(Source records)
=======
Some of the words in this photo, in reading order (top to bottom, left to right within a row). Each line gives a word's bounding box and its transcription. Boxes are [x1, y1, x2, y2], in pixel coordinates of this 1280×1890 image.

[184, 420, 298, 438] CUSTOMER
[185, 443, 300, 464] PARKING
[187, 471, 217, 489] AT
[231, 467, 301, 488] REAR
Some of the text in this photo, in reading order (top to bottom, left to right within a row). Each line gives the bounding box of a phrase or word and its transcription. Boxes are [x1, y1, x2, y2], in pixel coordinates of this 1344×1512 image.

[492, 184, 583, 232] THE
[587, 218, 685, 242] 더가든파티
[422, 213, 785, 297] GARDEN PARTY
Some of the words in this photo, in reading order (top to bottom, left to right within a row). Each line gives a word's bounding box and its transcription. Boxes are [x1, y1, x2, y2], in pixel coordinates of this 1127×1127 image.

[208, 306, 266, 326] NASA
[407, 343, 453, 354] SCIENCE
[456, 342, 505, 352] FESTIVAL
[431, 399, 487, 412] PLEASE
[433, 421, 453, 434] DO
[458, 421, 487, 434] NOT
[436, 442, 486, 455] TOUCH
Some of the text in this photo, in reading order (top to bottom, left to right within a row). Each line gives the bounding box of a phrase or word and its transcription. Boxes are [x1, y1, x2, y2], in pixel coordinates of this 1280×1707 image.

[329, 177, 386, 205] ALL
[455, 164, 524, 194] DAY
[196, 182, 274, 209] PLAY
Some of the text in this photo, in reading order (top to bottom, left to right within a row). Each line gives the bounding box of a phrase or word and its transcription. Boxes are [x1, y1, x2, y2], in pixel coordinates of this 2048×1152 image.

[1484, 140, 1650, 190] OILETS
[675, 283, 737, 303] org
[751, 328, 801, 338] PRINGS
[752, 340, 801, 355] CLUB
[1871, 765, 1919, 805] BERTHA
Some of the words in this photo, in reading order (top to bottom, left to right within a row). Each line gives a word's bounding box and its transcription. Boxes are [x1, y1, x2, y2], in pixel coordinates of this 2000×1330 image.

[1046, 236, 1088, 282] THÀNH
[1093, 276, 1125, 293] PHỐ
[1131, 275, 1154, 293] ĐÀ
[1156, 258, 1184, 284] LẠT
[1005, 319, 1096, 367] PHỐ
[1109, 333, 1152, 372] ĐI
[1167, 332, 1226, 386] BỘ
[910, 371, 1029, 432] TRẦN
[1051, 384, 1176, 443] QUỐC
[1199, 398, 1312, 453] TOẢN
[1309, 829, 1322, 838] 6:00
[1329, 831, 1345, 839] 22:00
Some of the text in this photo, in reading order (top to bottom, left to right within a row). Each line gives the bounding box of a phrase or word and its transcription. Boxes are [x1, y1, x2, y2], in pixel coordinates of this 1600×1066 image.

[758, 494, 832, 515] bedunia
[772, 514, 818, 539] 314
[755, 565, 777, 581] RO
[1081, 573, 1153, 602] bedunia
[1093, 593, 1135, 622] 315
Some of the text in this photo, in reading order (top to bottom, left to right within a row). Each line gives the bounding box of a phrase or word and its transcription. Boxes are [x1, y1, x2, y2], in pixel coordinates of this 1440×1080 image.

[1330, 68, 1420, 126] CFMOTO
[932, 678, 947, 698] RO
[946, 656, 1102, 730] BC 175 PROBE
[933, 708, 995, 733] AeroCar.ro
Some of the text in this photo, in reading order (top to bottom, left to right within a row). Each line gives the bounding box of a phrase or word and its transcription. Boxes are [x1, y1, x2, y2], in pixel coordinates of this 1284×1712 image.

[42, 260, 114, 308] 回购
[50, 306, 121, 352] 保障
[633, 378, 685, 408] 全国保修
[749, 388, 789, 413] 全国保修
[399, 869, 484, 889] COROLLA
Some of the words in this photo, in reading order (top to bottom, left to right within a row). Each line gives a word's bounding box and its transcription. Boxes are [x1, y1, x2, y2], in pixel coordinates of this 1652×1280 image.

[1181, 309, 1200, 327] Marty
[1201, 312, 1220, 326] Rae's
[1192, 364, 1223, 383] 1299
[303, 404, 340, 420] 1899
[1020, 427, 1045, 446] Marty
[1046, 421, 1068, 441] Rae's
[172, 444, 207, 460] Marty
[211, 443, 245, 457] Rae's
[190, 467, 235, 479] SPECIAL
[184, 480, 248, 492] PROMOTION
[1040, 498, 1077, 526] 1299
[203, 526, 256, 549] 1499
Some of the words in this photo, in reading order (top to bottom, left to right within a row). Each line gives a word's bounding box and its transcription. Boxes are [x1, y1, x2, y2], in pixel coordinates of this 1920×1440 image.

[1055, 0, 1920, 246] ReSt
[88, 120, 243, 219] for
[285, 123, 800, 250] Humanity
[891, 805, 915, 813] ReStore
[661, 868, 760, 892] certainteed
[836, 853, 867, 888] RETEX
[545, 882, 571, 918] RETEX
=======
*EXERCISE DIRECTIONS:* An acceptable answer repeats every entry exactly, with nothing omitted.

*ANSWER SECTION:*
Some of the words in this photo, in reading order (top to bottom, left to right within a row). Each line gives a word's bounding box and its transcription. Boxes are [x1, y1, x2, y2], in pixel coordinates of this 1280×1890 image.

[184, 420, 298, 438] CUSTOMER
[185, 443, 300, 464] PARKING
[187, 471, 217, 489] AT
[231, 467, 301, 488] REAR
Some of the text in this photo, in reading order (top to bottom, left to right within a row). Each line gives the bounding box of a phrase or word and its transcription. Boxes are [x1, y1, x2, y2], in pixel coordinates of this 1344×1512 image.

[492, 184, 583, 232] THE
[587, 218, 685, 242] 더가든파티
[422, 213, 785, 297] GARDEN PARTY
Some of the words in this photo, in reading order (top to bottom, left to right within a row). Each line gives a word's bounding box and its transcription. Boxes are [x1, y1, x2, y2], in pixel coordinates of this 1127×1127 image.

[208, 306, 266, 326] NASA
[407, 343, 453, 354] SCIENCE
[456, 342, 505, 352] FESTIVAL
[431, 399, 487, 412] PLEASE
[433, 421, 453, 434] DO
[458, 421, 487, 434] NOT
[436, 442, 486, 455] TOUCH
Some of the text in this photo, in reading order (top to bottom, left to right within a row). Each line gives the bounding box of a phrase or word and its transcription. Boxes are [x1, y1, x2, y2], in pixel coordinates of this 1280×1707 image.

[329, 177, 386, 205] ALL
[455, 164, 524, 194] DAY
[196, 182, 274, 209] PLAY
Some of the text in this photo, in reading order (top to bottom, left to right within a row). Each line gives the bounding box of a phrase or word and its transcription. Boxes are [x1, y1, x2, y2], in pixel coordinates of this 2048×1152 image.

[1484, 140, 1650, 190] OILETS
[675, 283, 737, 303] org
[751, 328, 801, 338] PRINGS
[752, 340, 801, 355] CLUB
[1871, 765, 1919, 805] BERTHA
Some of the words in this photo, in reading order (top to bottom, left to right within a row). Each line gives a word's bounding box and its transcription. Boxes are [x1, y1, x2, y2], in pixel coordinates of this 2000×1330 image.

[1046, 236, 1088, 282] THÀNH
[1093, 276, 1125, 293] PHỐ
[1131, 275, 1154, 293] ĐÀ
[1156, 258, 1184, 284] LẠT
[1005, 319, 1096, 367] PHỐ
[1109, 333, 1152, 372] ĐI
[1167, 332, 1226, 386] BỘ
[910, 371, 1029, 432] TRẦN
[1051, 384, 1176, 443] QUỐC
[1199, 398, 1312, 453] TOẢN
[1309, 829, 1322, 838] 6:00
[1329, 831, 1345, 839] 22:00
Some of the text in this photo, in reading order (top to bottom, left to right within a row). Each line gives the bounding box of a phrase or word and its transcription. Boxes are [x1, y1, x2, y2], in pixel coordinates of this 1600×1066 image.

[758, 494, 832, 515] bedunia
[772, 514, 818, 539] 314
[755, 565, 777, 581] RO
[1081, 573, 1153, 602] bedunia
[1093, 593, 1135, 622] 315
Some of the text in this photo, in reading order (top to bottom, left to right within a row). Each line gives the bounding box of a phrase or word and its transcription. Boxes are [x1, y1, x2, y2], in pixel coordinates of this 1440×1080 image.

[1330, 68, 1420, 126] CFMOTO
[932, 678, 947, 698] RO
[946, 656, 1102, 730] BC 175 PROBE
[933, 708, 995, 733] AeroCar.ro
Some of the text in this photo, in reading order (top to bottom, left to right within a row). Each line gives the bounding box of a phrase or word and its transcription. Boxes are [x1, y1, x2, y2], in pixel coordinates of this 1284×1712 image.

[42, 260, 114, 308] 回购
[50, 306, 121, 352] 保障
[633, 378, 685, 408] 全国保修
[749, 388, 789, 413] 全国保修
[399, 869, 484, 889] COROLLA
Some of the words in this photo, in reading order (top to bottom, left to right within a row). Each line gives a word's bounding box and its transcription. Boxes are [x1, y1, x2, y2], in pixel coordinates of this 1652×1280 image.

[1181, 309, 1200, 327] Marty
[1201, 312, 1220, 326] Rae's
[1192, 364, 1223, 383] 1299
[303, 404, 340, 420] 1899
[1020, 427, 1045, 446] Marty
[1046, 421, 1068, 441] Rae's
[172, 444, 207, 460] Marty
[211, 443, 245, 457] Rae's
[190, 467, 235, 479] SPECIAL
[184, 480, 248, 492] PROMOTION
[1040, 498, 1077, 526] 1299
[203, 526, 256, 549] 1499
Some of the words in this photo, in reading order (top to bottom, left to right within a row). Each line gives a word's bounding box and its transcription. Boxes are [x1, y1, x2, y2], in pixel coordinates of this 1920×1440 image.

[1055, 0, 1920, 246] ReSt
[88, 120, 243, 219] for
[285, 123, 800, 250] Humanity
[891, 805, 915, 813] ReStore
[661, 868, 760, 892] certainteed
[836, 853, 867, 888] RETEX
[545, 882, 571, 918] RETEX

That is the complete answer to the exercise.